We're migrating our JBoss 7.2 application to Wildfly 8.2 and have successfully migrated the app and our security domain configuration.  We're using picketlink and our own login module extending SAML2LoginModule to do SAML2 authentication via the "org.picketlink.identity.federation.bindings.wildfly.sp.SPServletExtension" as described here "WildFly Configuration - PicketLink - Project Documentation Editor" in the "Service Provider Configuration" section.

We get authenticated just fine when picketlink evaluates the SAML assertion.  However, our unprotected resources also redirect to the IDP URL as if they're protected as well.

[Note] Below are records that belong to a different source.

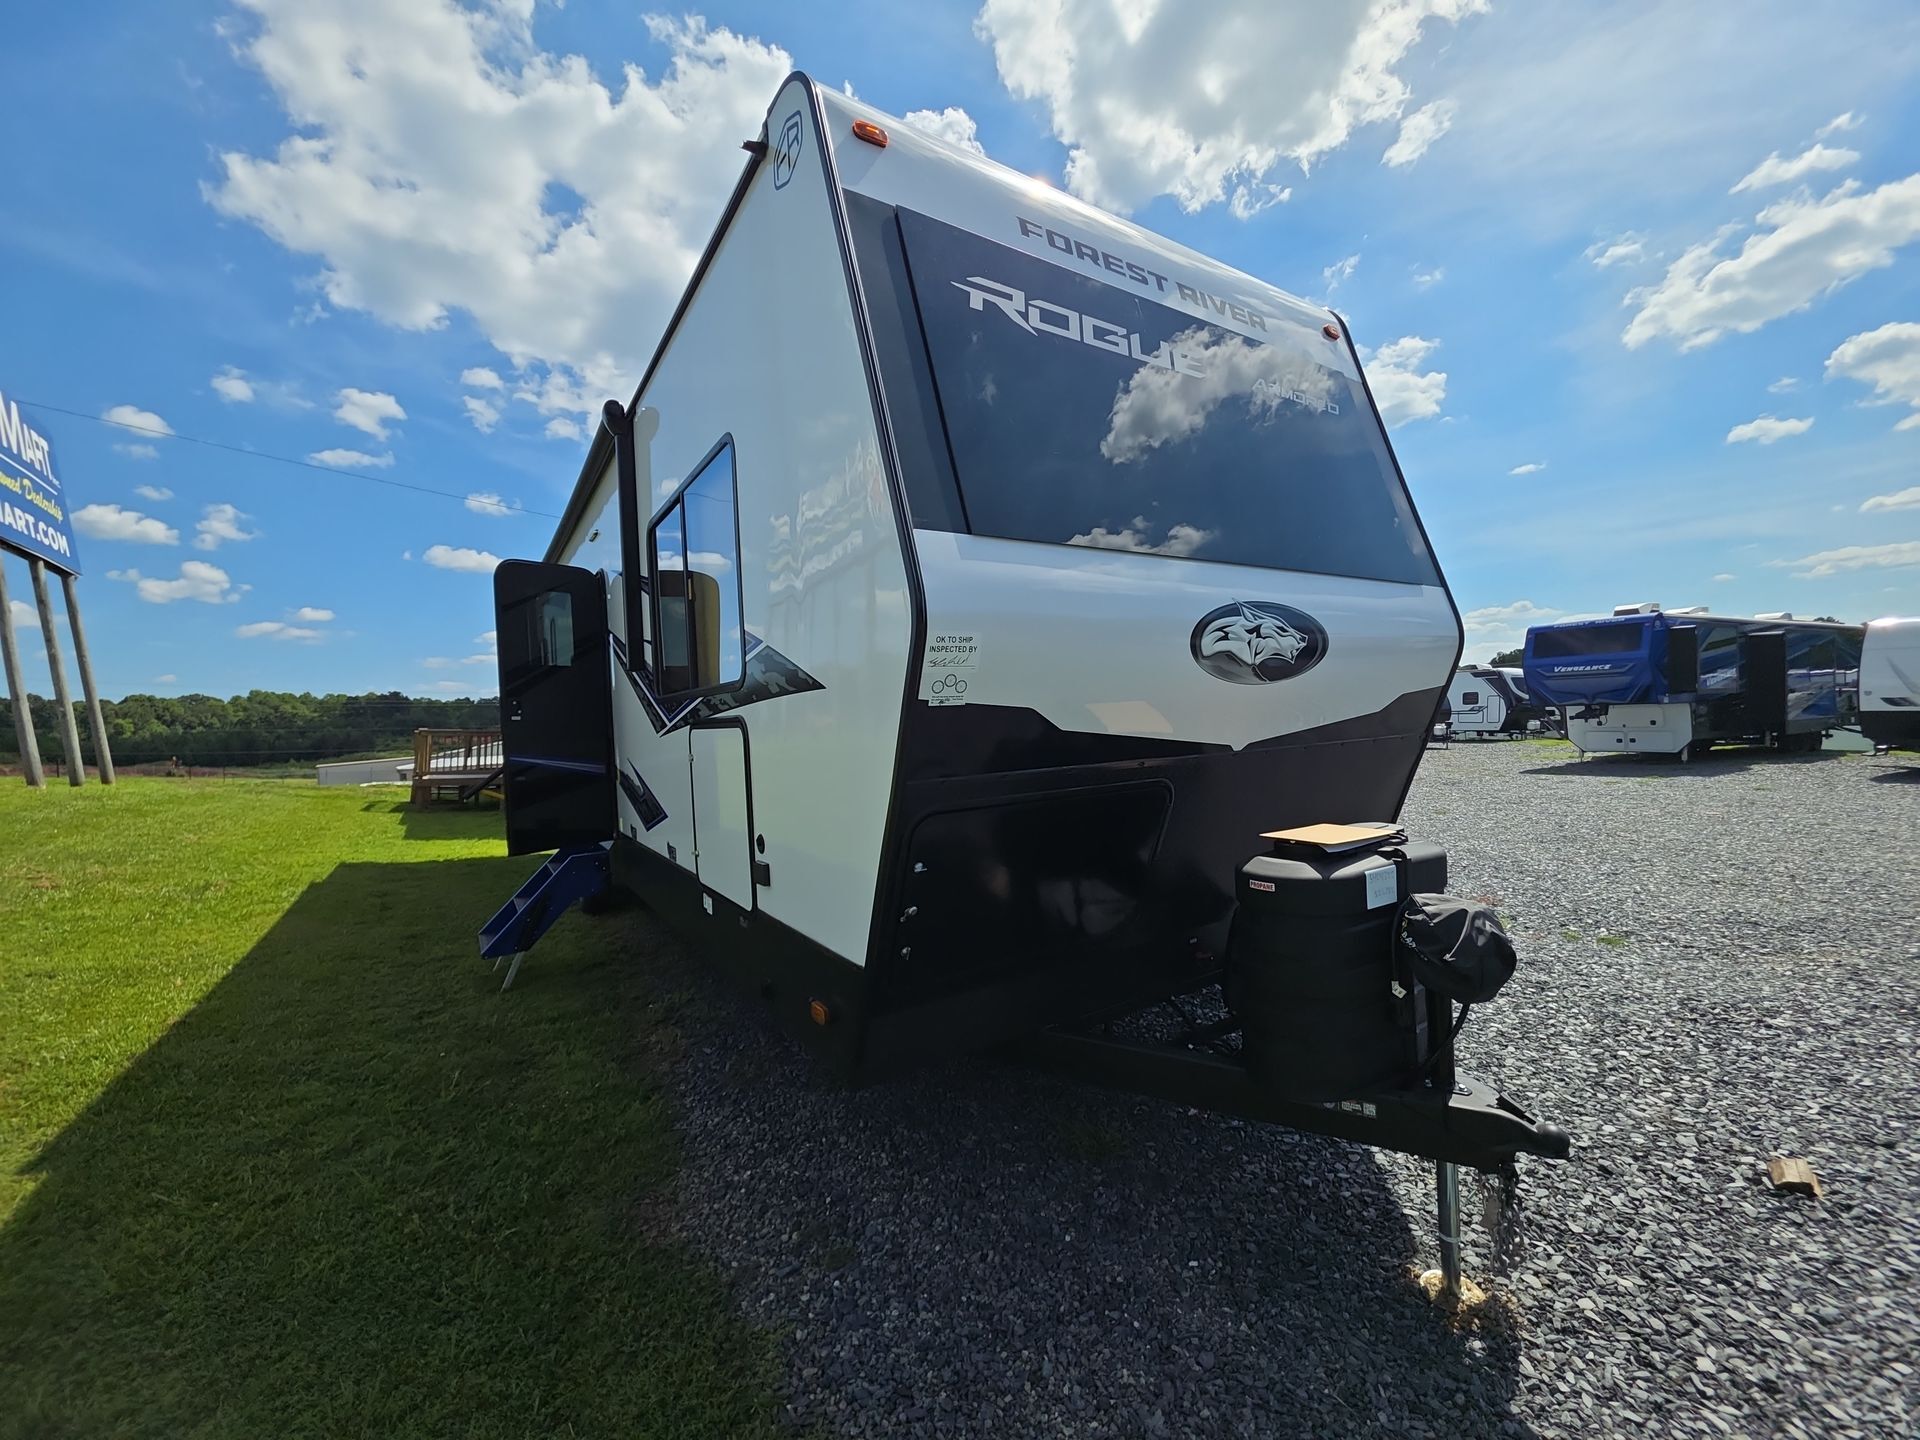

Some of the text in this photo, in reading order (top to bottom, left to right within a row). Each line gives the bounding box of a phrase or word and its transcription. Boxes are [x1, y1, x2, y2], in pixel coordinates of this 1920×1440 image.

[1016, 216, 1268, 332] FOREST RIVER
[950, 276, 1206, 378] ROGUE
[0, 502, 70, 557] ART.COM
[958, 636, 974, 644] SHIP
[968, 645, 978, 653] BY
[1554, 664, 1612, 672] VENGEANCE
[1250, 881, 1274, 891] PROPANE
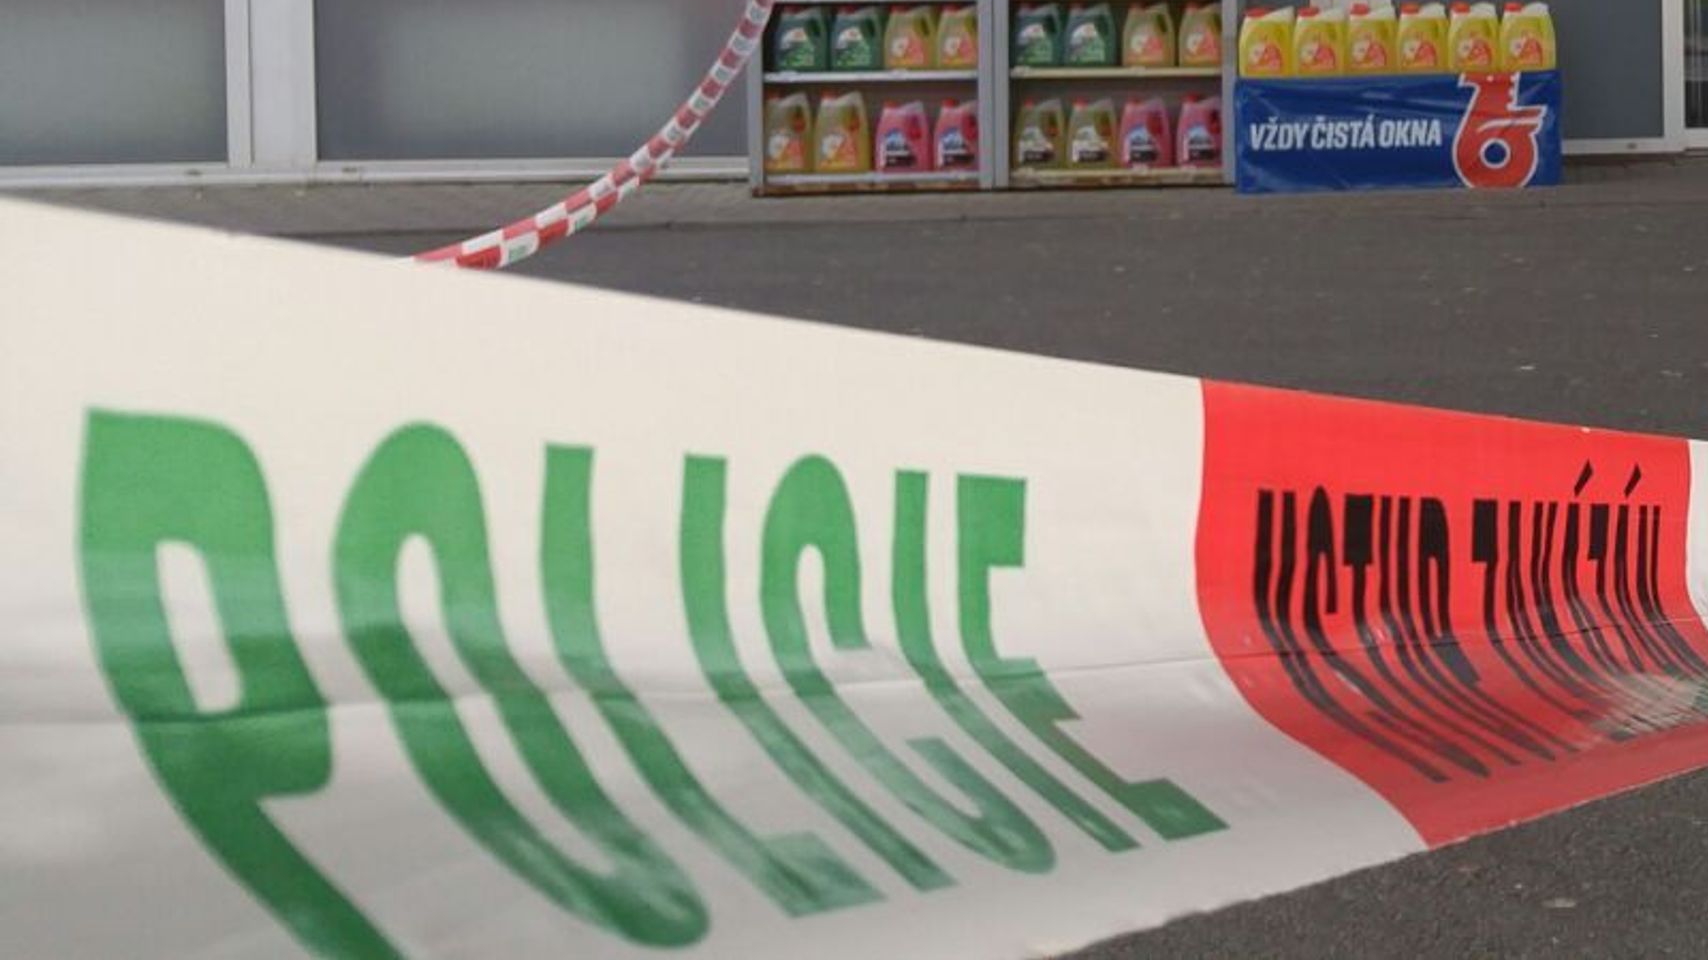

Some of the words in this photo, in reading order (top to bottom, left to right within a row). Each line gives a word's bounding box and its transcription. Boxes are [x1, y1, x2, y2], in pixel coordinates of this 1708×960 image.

[1250, 115, 1308, 151] VŽDY
[1310, 113, 1375, 150] ČISTÁ
[1377, 119, 1442, 148] OKNA
[79, 407, 1231, 960] POLICIE
[1252, 485, 1582, 783] VSTUP
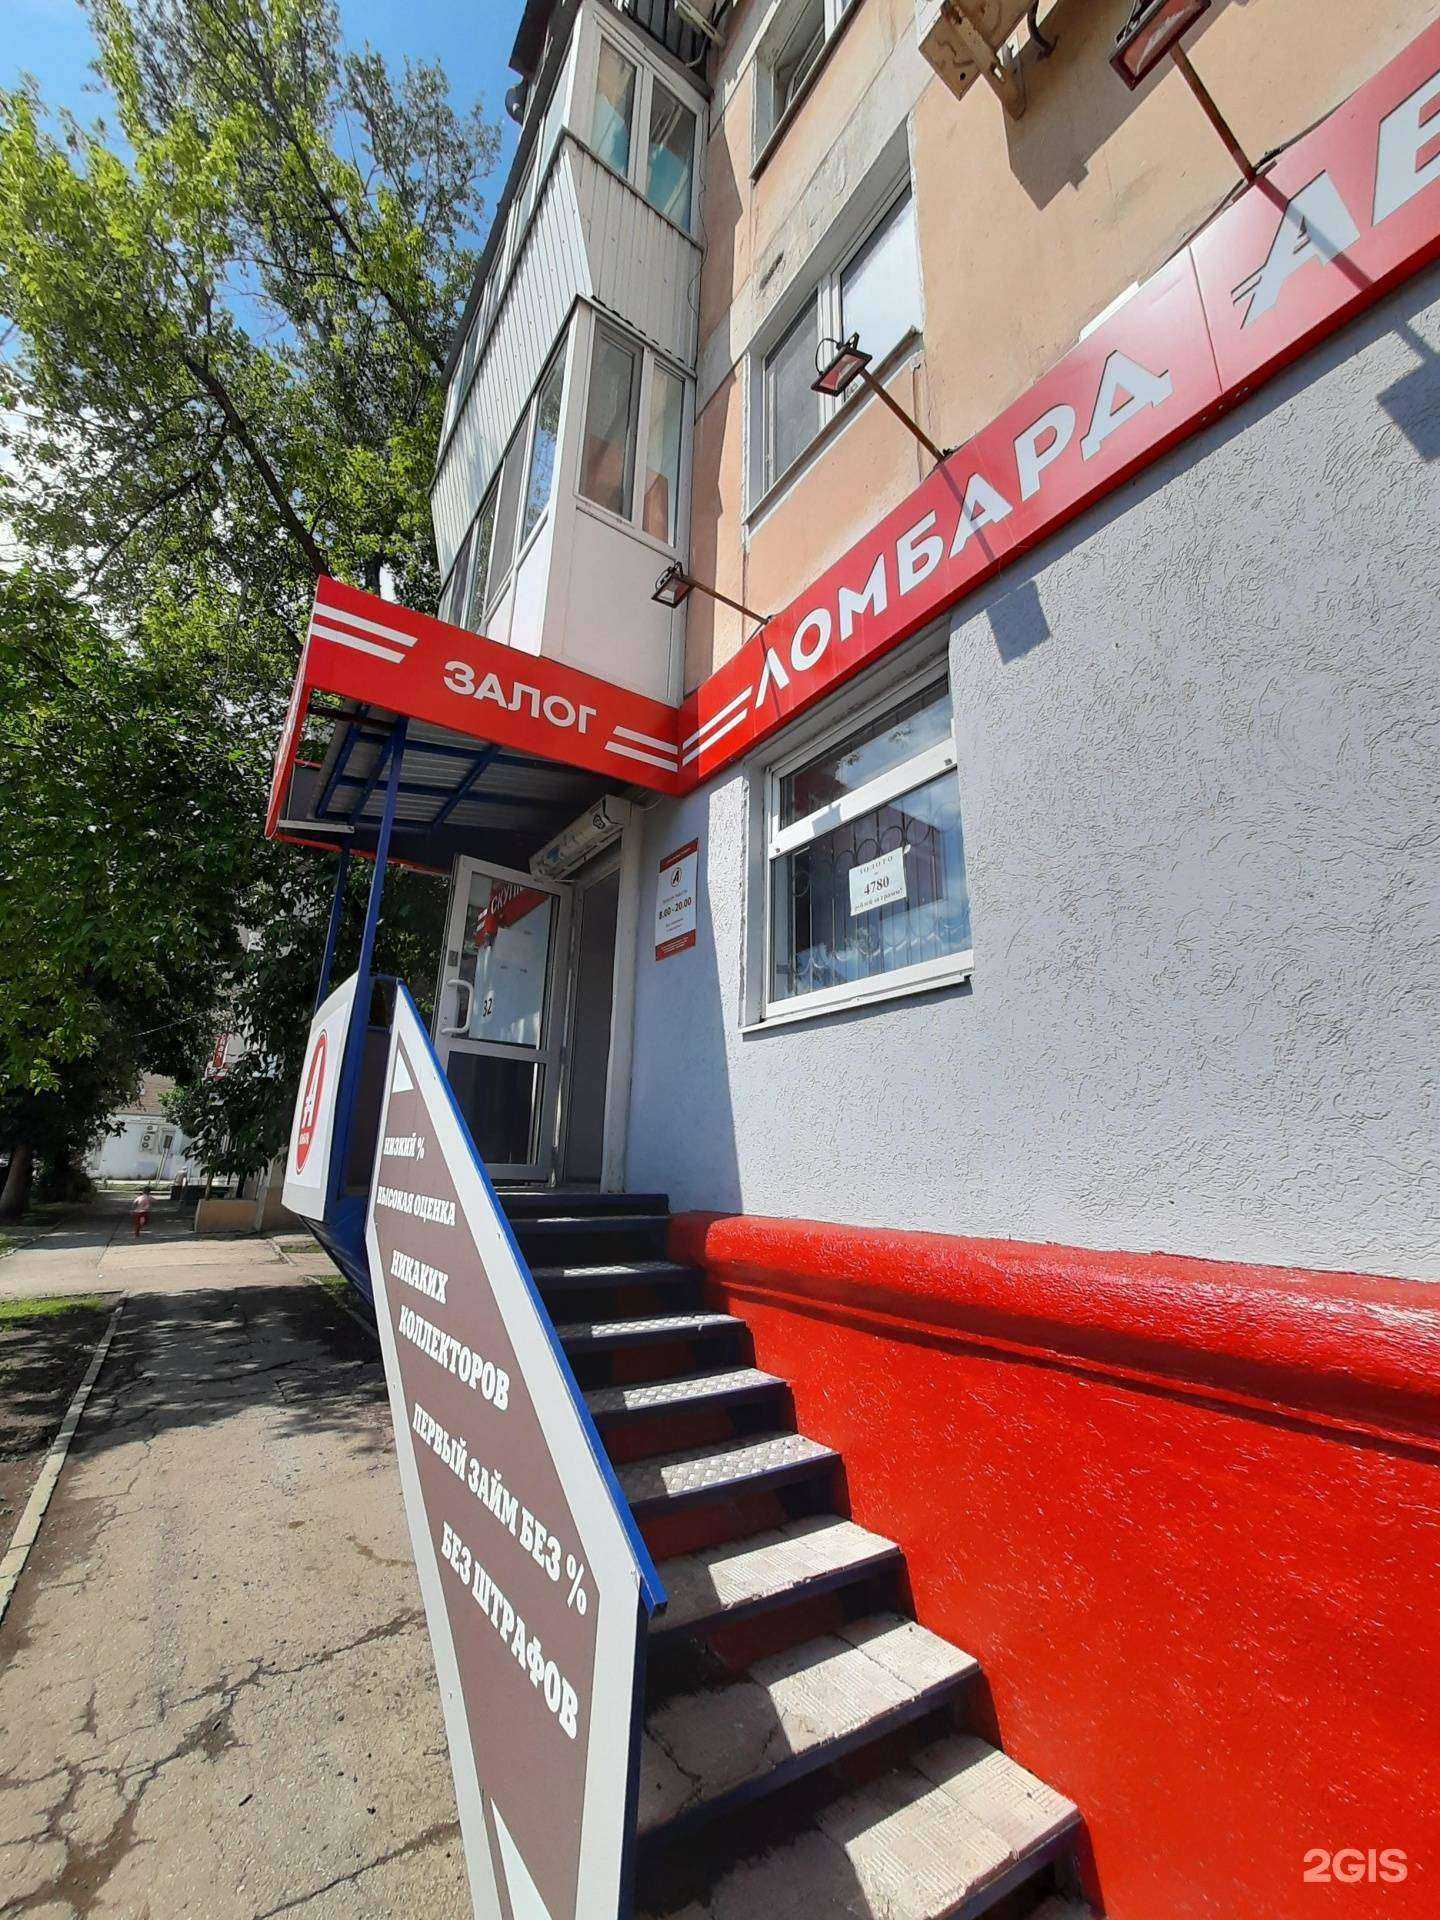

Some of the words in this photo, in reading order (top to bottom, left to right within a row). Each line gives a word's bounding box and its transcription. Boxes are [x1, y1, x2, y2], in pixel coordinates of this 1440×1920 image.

[755, 349, 1173, 710] ЛОМБАРД
[443, 660, 597, 734] ЗАЛОГ
[864, 876, 890, 896] 4780
[377, 1186, 414, 1214] ВЫСОКАЯ
[413, 1194, 456, 1227] ОЦЕНКА
[390, 1250, 448, 1305] НИКАКИХ
[398, 1304, 510, 1411] КОЛЛЕКТОРОВ
[412, 1402, 469, 1482] ПЕРВЫЙ
[468, 1458, 518, 1536] ЗАЙМ
[521, 1506, 562, 1582] БЕЗ
[566, 1554, 587, 1615] %
[441, 1520, 471, 1586] БЕЗ
[472, 1560, 579, 1740] ШТРАФОВ

This is not the case if we swap out picketlink for our development environment authentication method.  We use a "UsernamePasswordLoginModule" in development that only shows the login form for "webapp" resources that have "<auth-constraint>" defined in web.xml.

My assumption is that the "org.picketlink.identity.federation.bindings.wildfly.sp.SPServletExtension" takes over and is not bypassing authentication for the "<security-constraint>" sections that have no "<auth-constraint>" defined.

NOTE: The quickstart for "picketlink-federation-saml-sp-redirect-basic" (jboss-picketlink-quickstarts/picketlink-federation-saml-sp-redirect-basic at master · jboss-developer/jboss-picketlink-q…) seems to have the same issue if you add a "freezone" directory with a JSP file in it.  The "freezone" should not require authentication according to this quickstart's web.xml config.

Thank you for any help working around this (or validation that it is a known issue).